Problem statement → In the records below, find each line containing the word "WHITE" and copy it.

Extracted data entries →
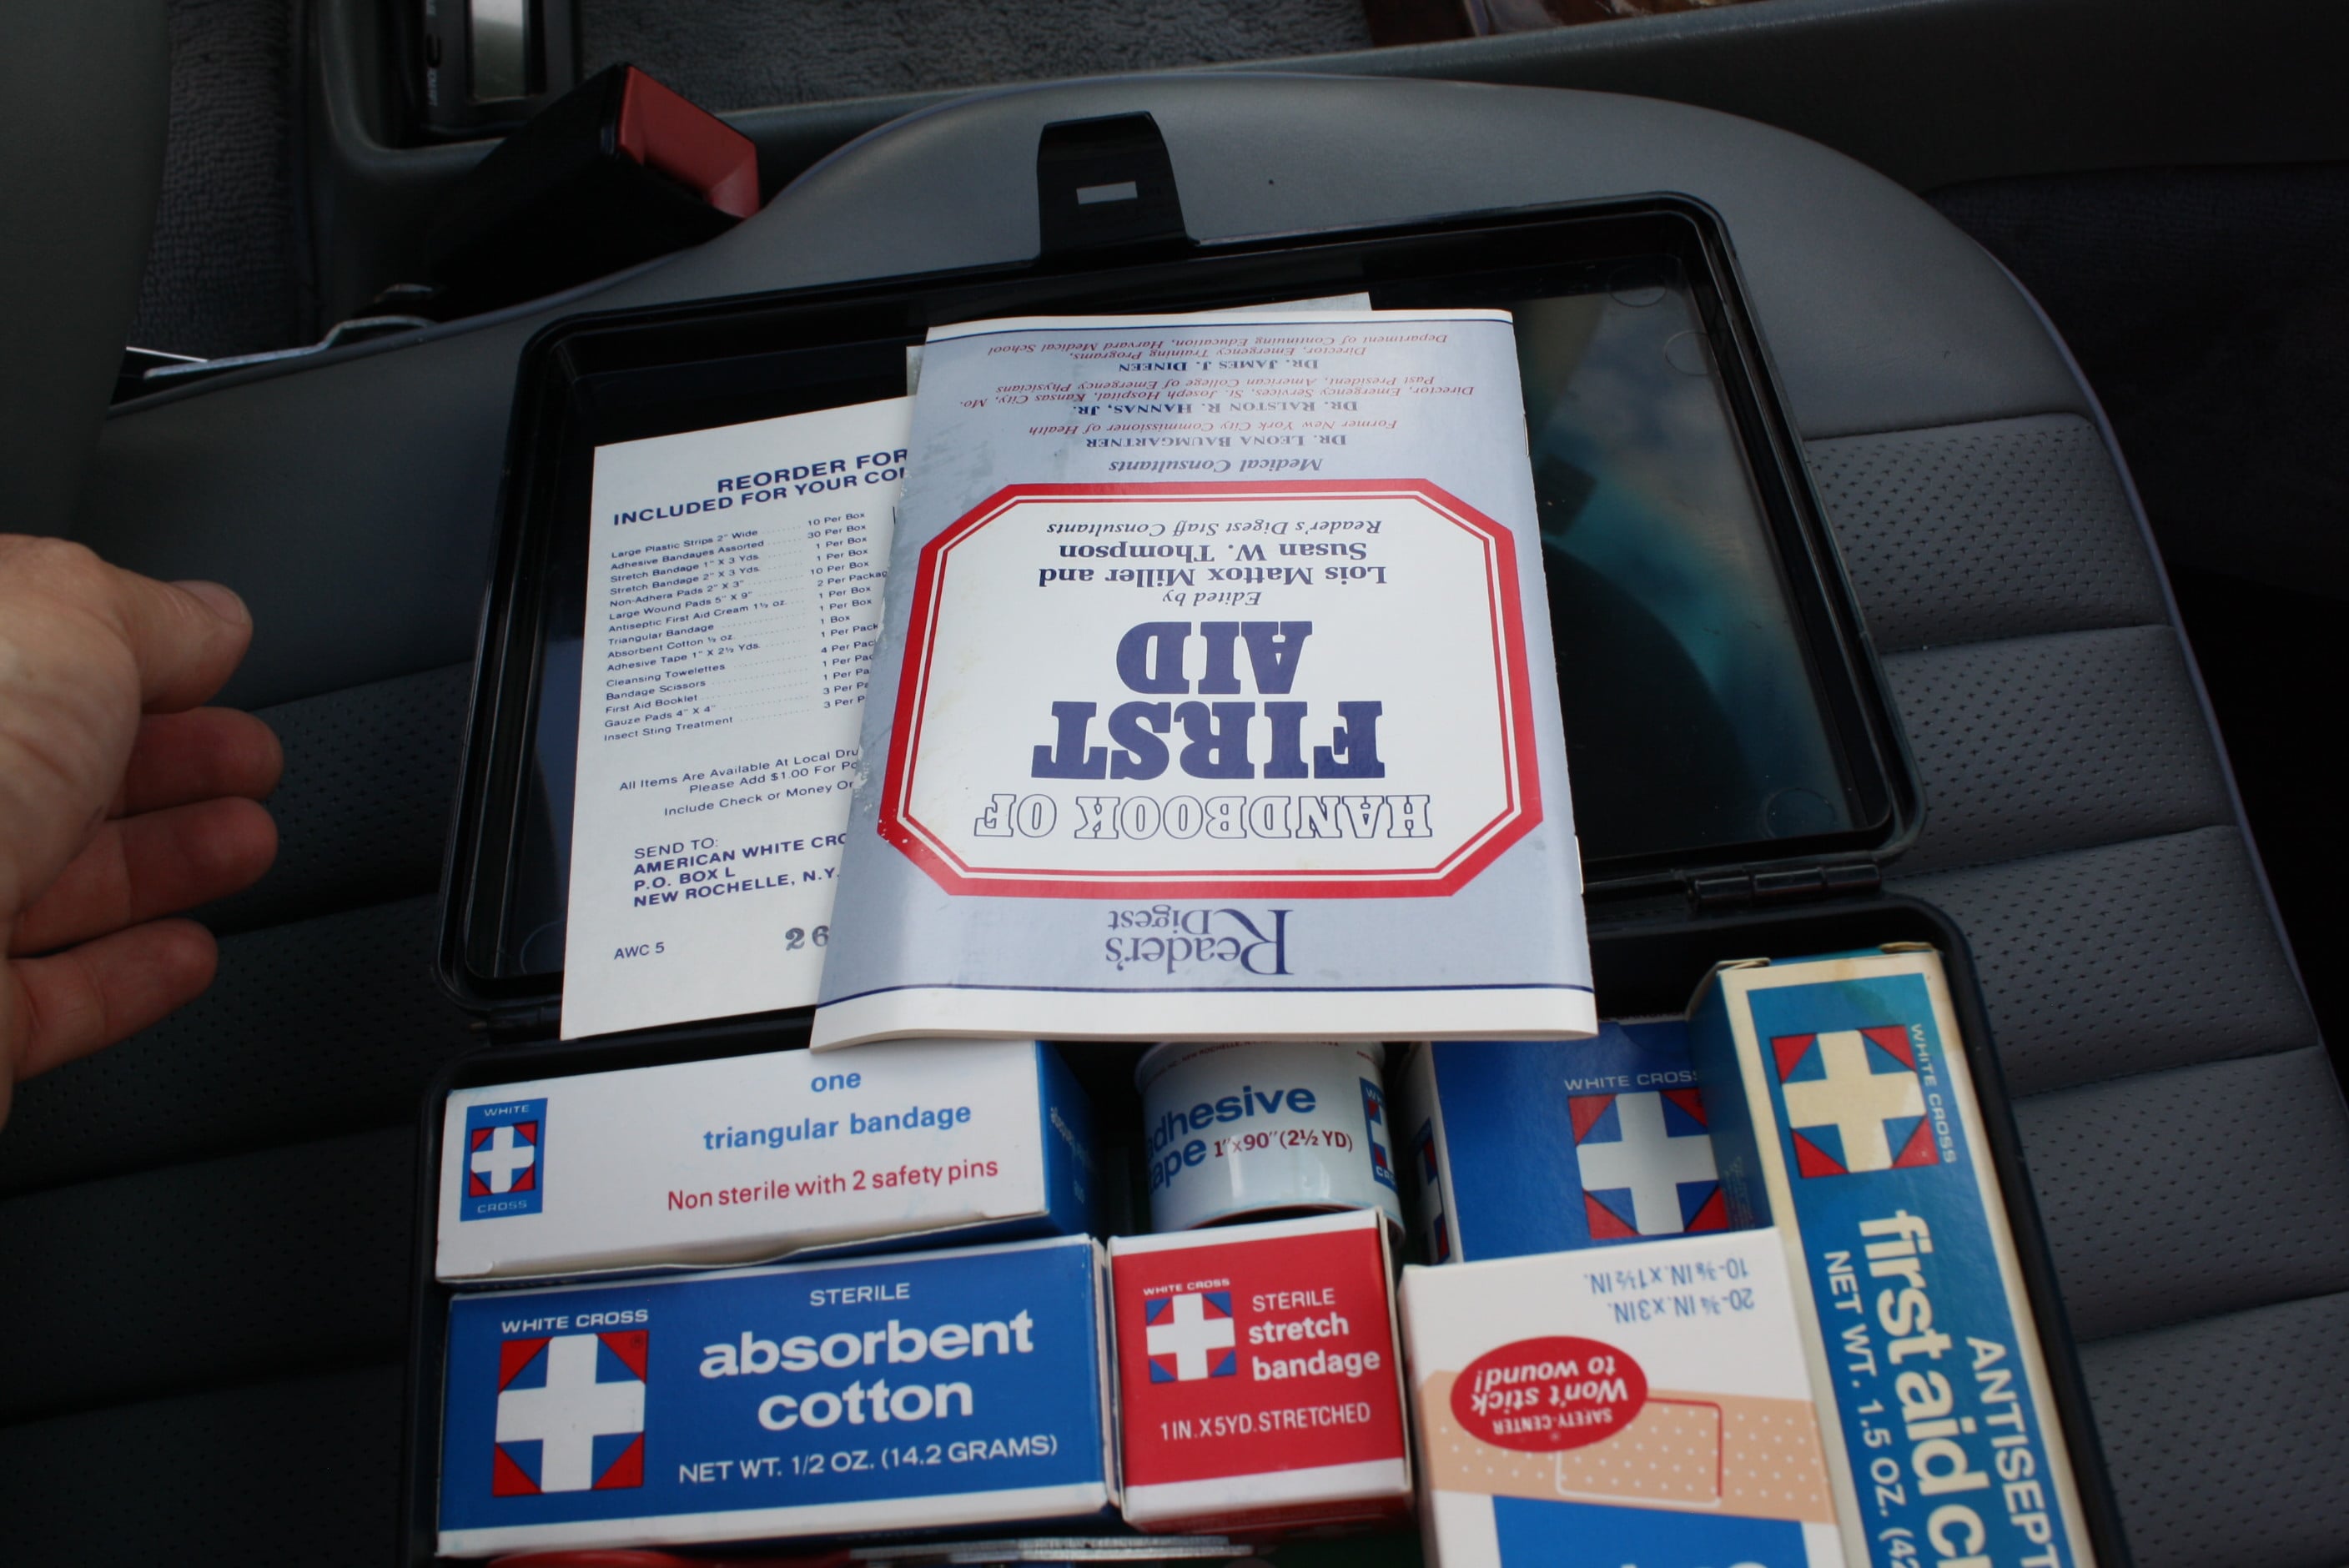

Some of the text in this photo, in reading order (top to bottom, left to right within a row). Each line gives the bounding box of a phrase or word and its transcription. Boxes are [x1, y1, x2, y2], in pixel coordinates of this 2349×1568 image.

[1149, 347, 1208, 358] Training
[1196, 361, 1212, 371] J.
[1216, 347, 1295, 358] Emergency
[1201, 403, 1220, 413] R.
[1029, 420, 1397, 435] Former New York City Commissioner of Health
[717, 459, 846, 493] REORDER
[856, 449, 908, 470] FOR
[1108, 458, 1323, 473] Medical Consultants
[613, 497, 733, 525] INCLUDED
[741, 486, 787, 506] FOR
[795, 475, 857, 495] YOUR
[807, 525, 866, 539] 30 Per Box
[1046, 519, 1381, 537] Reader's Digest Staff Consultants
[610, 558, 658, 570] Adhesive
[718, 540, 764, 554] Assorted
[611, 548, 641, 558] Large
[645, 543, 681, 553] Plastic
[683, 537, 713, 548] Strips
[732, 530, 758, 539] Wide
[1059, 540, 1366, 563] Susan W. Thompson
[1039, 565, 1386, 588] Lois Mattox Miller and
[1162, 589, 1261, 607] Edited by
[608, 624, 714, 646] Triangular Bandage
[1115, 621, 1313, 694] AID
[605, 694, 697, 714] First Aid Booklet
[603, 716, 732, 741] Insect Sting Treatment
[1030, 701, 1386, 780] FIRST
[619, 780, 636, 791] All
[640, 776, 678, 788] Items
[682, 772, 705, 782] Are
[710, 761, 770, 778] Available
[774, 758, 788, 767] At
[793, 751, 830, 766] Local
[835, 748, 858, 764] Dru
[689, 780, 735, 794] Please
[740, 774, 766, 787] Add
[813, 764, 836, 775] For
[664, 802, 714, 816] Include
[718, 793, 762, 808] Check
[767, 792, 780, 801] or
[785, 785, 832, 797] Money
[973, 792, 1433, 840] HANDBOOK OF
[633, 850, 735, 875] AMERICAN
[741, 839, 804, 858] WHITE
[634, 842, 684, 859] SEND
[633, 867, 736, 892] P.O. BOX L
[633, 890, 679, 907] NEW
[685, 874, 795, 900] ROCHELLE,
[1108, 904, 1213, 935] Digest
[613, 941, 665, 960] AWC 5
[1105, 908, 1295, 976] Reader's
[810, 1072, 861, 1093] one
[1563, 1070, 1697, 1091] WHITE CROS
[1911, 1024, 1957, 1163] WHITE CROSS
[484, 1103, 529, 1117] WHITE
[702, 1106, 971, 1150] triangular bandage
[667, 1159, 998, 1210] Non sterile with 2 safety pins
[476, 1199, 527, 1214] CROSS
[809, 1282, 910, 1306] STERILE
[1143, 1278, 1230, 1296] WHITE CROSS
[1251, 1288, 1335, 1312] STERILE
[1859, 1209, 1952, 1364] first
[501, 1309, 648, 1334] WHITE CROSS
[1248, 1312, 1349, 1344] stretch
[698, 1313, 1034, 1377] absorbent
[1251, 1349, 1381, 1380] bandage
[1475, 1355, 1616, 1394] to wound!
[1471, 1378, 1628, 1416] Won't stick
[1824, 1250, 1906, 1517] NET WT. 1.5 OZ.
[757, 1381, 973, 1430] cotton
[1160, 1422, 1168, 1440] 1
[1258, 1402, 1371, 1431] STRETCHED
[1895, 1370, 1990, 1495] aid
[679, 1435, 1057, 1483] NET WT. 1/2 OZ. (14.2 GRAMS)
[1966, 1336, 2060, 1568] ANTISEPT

Reply →
[741, 839, 804, 858] WHITE
[1563, 1070, 1697, 1091] WHITE CROS
[1911, 1024, 1957, 1163] WHITE CROSS
[484, 1103, 529, 1117] WHITE
[1143, 1278, 1230, 1296] WHITE CROSS
[501, 1309, 648, 1334] WHITE CROSS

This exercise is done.